• [EXERCISE AIM] Retype the data exactly, leaving nothing out.

• [MATERIAL TO PROCESS]

━━━━━━━━

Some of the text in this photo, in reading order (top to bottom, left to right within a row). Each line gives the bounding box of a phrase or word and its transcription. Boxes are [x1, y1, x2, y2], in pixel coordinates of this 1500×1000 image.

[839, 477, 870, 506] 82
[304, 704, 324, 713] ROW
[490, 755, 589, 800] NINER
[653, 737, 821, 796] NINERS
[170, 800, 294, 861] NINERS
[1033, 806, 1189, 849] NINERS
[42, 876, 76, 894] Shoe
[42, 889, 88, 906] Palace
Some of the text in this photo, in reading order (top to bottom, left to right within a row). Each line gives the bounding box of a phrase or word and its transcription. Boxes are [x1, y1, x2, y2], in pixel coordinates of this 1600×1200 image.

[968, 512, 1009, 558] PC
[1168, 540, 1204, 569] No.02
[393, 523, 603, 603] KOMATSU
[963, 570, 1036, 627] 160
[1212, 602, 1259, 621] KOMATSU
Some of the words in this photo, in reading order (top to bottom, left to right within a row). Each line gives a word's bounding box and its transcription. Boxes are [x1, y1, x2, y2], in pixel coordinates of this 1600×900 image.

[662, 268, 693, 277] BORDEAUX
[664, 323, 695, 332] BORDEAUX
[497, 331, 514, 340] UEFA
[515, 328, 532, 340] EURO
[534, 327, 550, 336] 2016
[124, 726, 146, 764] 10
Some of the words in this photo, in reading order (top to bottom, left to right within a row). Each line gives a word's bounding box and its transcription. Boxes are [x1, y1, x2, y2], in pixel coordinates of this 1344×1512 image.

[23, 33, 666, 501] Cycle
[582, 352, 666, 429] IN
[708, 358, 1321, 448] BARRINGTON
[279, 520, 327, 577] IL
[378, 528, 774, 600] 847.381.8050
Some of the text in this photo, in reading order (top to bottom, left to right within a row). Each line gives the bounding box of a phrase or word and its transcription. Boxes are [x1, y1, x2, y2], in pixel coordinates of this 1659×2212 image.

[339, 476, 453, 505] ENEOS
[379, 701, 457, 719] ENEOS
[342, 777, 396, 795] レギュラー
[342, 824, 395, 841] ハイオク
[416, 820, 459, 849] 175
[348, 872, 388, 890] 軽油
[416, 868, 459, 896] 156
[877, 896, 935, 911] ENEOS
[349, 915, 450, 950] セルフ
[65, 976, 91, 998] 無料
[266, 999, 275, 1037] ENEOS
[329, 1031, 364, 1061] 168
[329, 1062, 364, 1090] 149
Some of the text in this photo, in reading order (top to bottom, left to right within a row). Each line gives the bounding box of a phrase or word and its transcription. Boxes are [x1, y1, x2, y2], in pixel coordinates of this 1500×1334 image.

━━━━━━━━

• [RESPONSE BOX]
Some of the text in this photo, in reading order (top to bottom, left to right within a row). Each line gives the bounding box of a phrase or word and its transcription. Boxes are [x1, y1, x2, y2], in pixel coordinates of this 1500×1000 image.

[839, 477, 870, 506] 82
[304, 704, 324, 713] ROW
[490, 755, 589, 800] NINER
[653, 737, 821, 796] NINERS
[170, 800, 294, 861] NINERS
[1033, 806, 1189, 849] NINERS
[42, 876, 76, 894] Shoe
[42, 889, 88, 906] Palace
Some of the text in this photo, in reading order (top to bottom, left to right within a row). Each line gives the bounding box of a phrase or word and its transcription. Boxes are [x1, y1, x2, y2], in pixel coordinates of this 1600×1200 image.

[968, 512, 1009, 558] PC
[1168, 540, 1204, 569] No.02
[393, 523, 603, 603] KOMATSU
[963, 570, 1036, 627] 160
[1212, 602, 1259, 621] KOMATSU
Some of the words in this photo, in reading order (top to bottom, left to right within a row). Each line gives a word's bounding box and its transcription. Boxes are [x1, y1, x2, y2], in pixel coordinates of this 1600×900 image.

[662, 268, 693, 277] BORDEAUX
[664, 323, 695, 332] BORDEAUX
[497, 331, 514, 340] UEFA
[515, 328, 532, 340] EURO
[534, 327, 550, 336] 2016
[124, 726, 146, 764] 10
Some of the words in this photo, in reading order (top to bottom, left to right within a row). Each line gives a word's bounding box and its transcription. Boxes are [x1, y1, x2, y2], in pixel coordinates of this 1344×1512 image.

[23, 33, 666, 501] Cycle
[582, 352, 666, 429] IN
[708, 358, 1321, 448] BARRINGTON
[279, 520, 327, 577] IL
[378, 528, 774, 600] 847.381.8050
Some of the text in this photo, in reading order (top to bottom, left to right within a row). Each line gives the bounding box of a phrase or word and its transcription. Boxes are [x1, y1, x2, y2], in pixel coordinates of this 1659×2212 image.

[339, 476, 453, 505] ENEOS
[379, 701, 457, 719] ENEOS
[342, 777, 396, 795] レギュラー
[342, 824, 395, 841] ハイオク
[416, 820, 459, 849] 175
[348, 872, 388, 890] 軽油
[416, 868, 459, 896] 156
[877, 896, 935, 911] ENEOS
[349, 915, 450, 950] セルフ
[65, 976, 91, 998] 無料
[266, 999, 275, 1037] ENEOS
[329, 1031, 364, 1061] 168
[329, 1062, 364, 1090] 149
Some of the text in this photo, in reading order (top to bottom, left to right within a row). Each line gives the bounding box of a phrase or word and its transcription. Boxes are [x1, y1, x2, y2], in pixel coordinates of this 1500×1334 image.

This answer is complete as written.